Pakaian Imam: Identitas Kudus Yang Dikenakan, Bukan Dibuat

Rabu, 29 Oktober 202
Pakaian Imam: Identitas Kudus Yang Dikenakan, Bukan Dibuat

Bacaan Alkitab : Keluaran 28:4–6




Dalam Keluaran 28:4–6, Tuhan memberikan perintah yang sangat rinci tentang pakaian imam: efod, baju efod, jubah, baju tenun halus, serban, dan ikat pinggang. Rincian ini mungkin tampak sekadar teknis, tetapi sesungguhnya menyimpan makna rohani yang dalam.
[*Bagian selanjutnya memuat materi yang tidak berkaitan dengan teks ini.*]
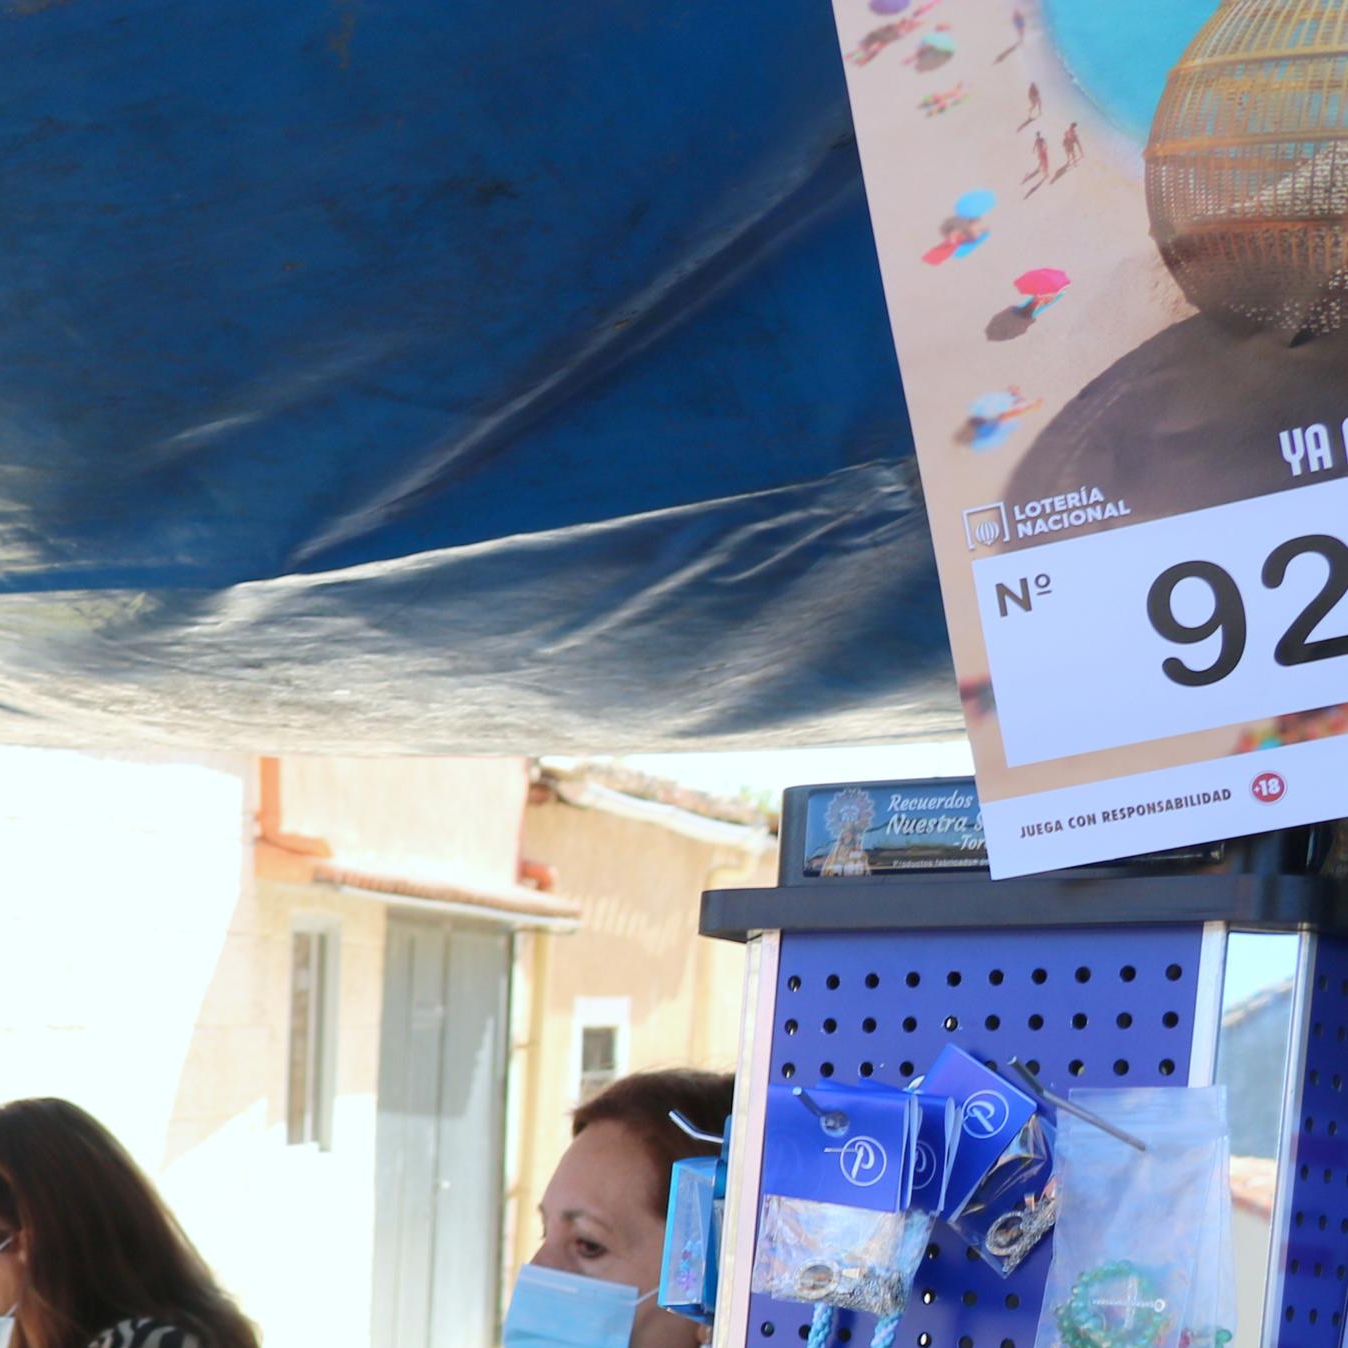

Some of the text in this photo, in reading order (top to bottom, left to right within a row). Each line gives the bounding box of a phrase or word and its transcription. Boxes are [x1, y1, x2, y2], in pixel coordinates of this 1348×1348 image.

[1279, 423, 1333, 476] YA
[1013, 486, 1104, 521] LOTERÍA
[1017, 500, 1131, 538] NACIONAL
[1146, 534, 1348, 688] 92
[887, 789, 974, 812] Recuerdos
[1020, 819, 1063, 839] JUEGA
[1068, 813, 1097, 830] CON
[1102, 788, 1231, 823] RESPONSABILIDAD
[885, 812, 968, 836] Nuestra
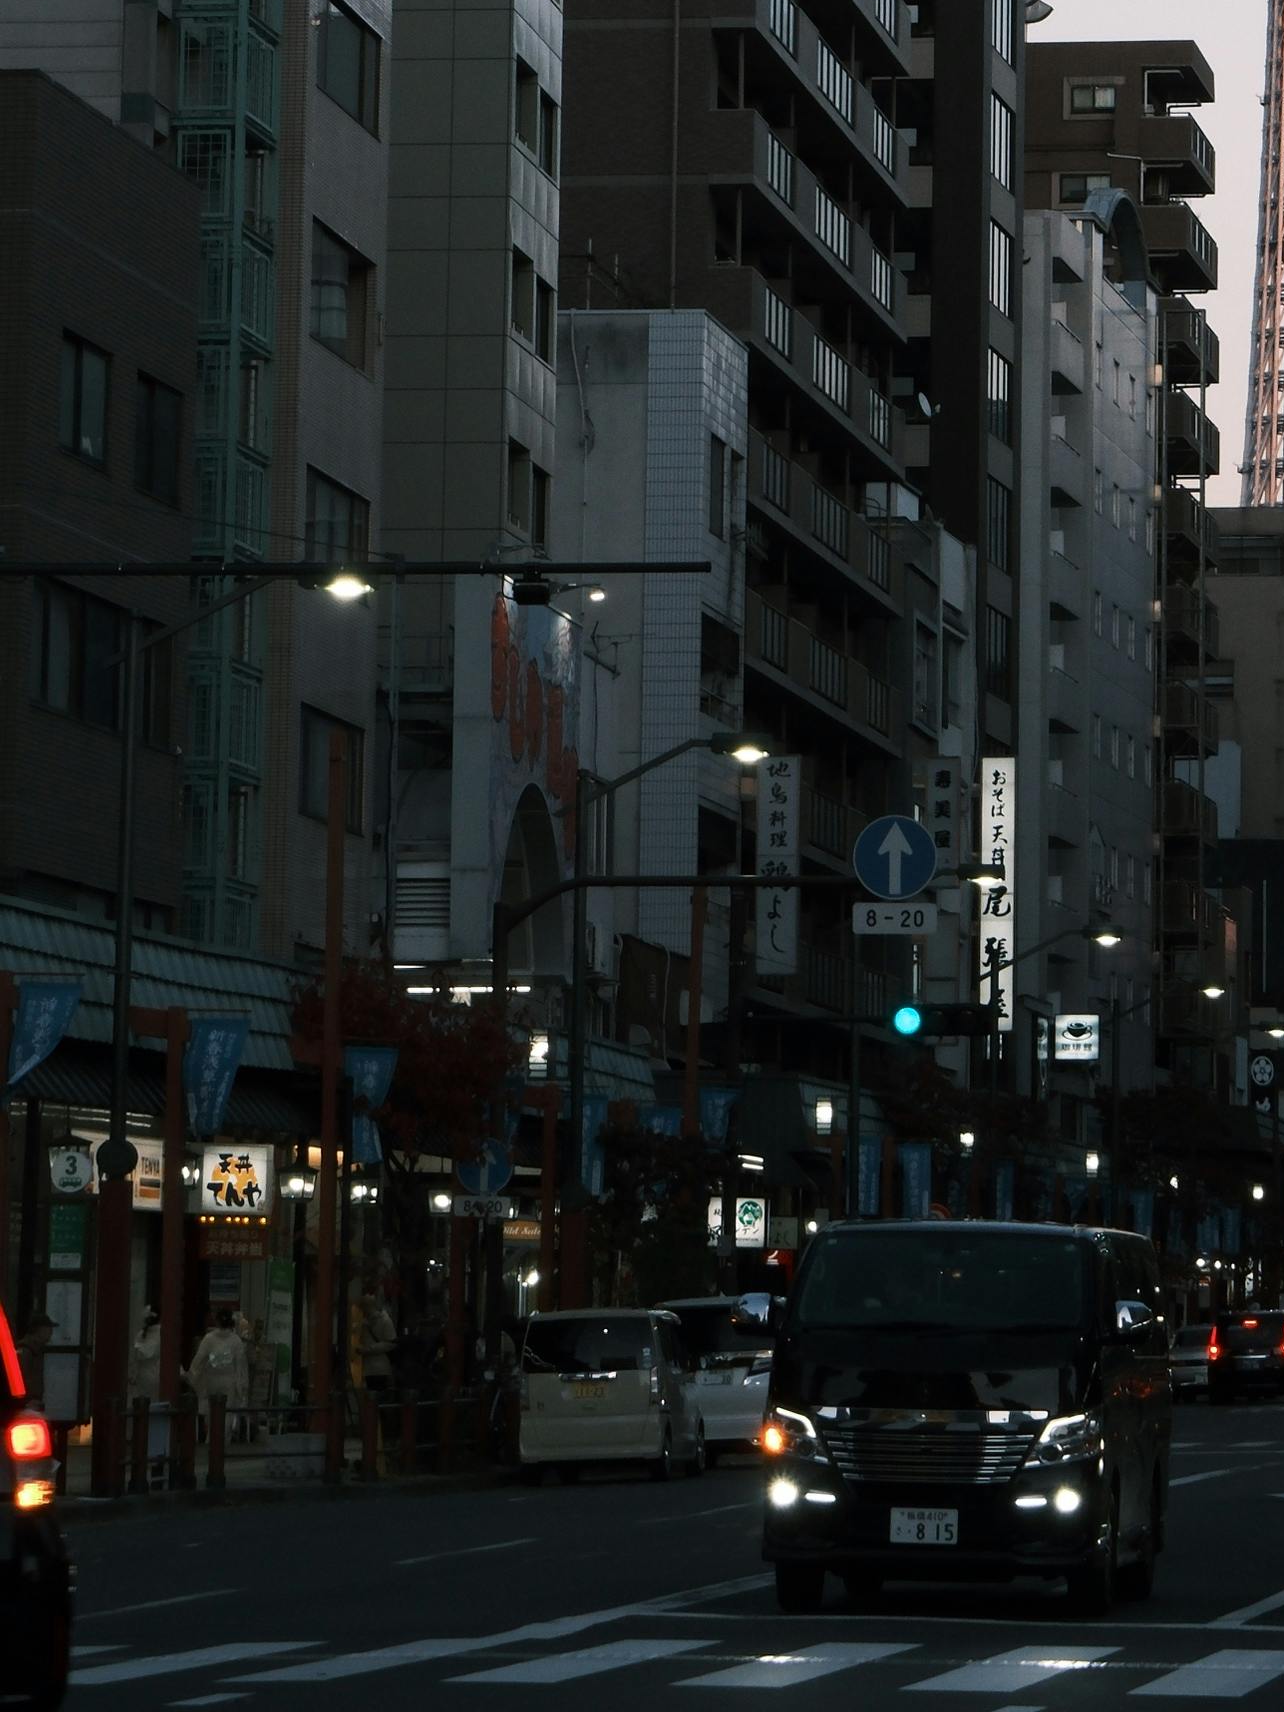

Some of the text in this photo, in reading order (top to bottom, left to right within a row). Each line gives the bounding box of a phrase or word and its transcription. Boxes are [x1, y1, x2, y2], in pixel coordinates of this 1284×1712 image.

Pakaian imam bukan hanya soal penampilan lahiriah, melainkan penanda identitas rohani dan panggilan kudus yang datang langsung dari Allah. Allah sendiri yang menetapkan bagaimana seorang imam harus berpakaian, sebab pelayanan di hadapan-Nya tidak boleh dilakukan dengan sembarangan. Efod, sebagaimana disebut dalam ayat 6, dibuat dari emas, kain ungu tua, ungu muda, kain kirmizi, dan lenan halus yang dipintal secara artistik—simbol kemuliaan dan kekudusan. Saat imam mengenakan pakaian itu, ia bukan hanya berpakaian indah, tetapi mengidentifikasikan  dirinya terpisah dari urusan duniawi dan menyiapkan dirinya untuk menghadap Allah untuk mewakili umat.

           Setiap kali Harun berdiri di hadapan Tuhan, ia tidak datang sebagai dirinya sendiri. Ia datang sebagai wakil seluruh umat Israel. Nama-nama dua belas suku diukir pada dua batu permata di atas bahunya dan dua belas permata pada tutup dada yang dikenakannya. Di atas bahu—ia menanggung beban umat; di atas dada—ia membawa mereka dalam kasih dan pengingatan. Dengan demikian, setiap kali ia mengangkat tangan untuk berdoa atau mempersembahkan korban, ia membawa seluruh kehidupan umat di hadapan Tuhan: keluh kesah mereka, dosa mereka, harapan mereka.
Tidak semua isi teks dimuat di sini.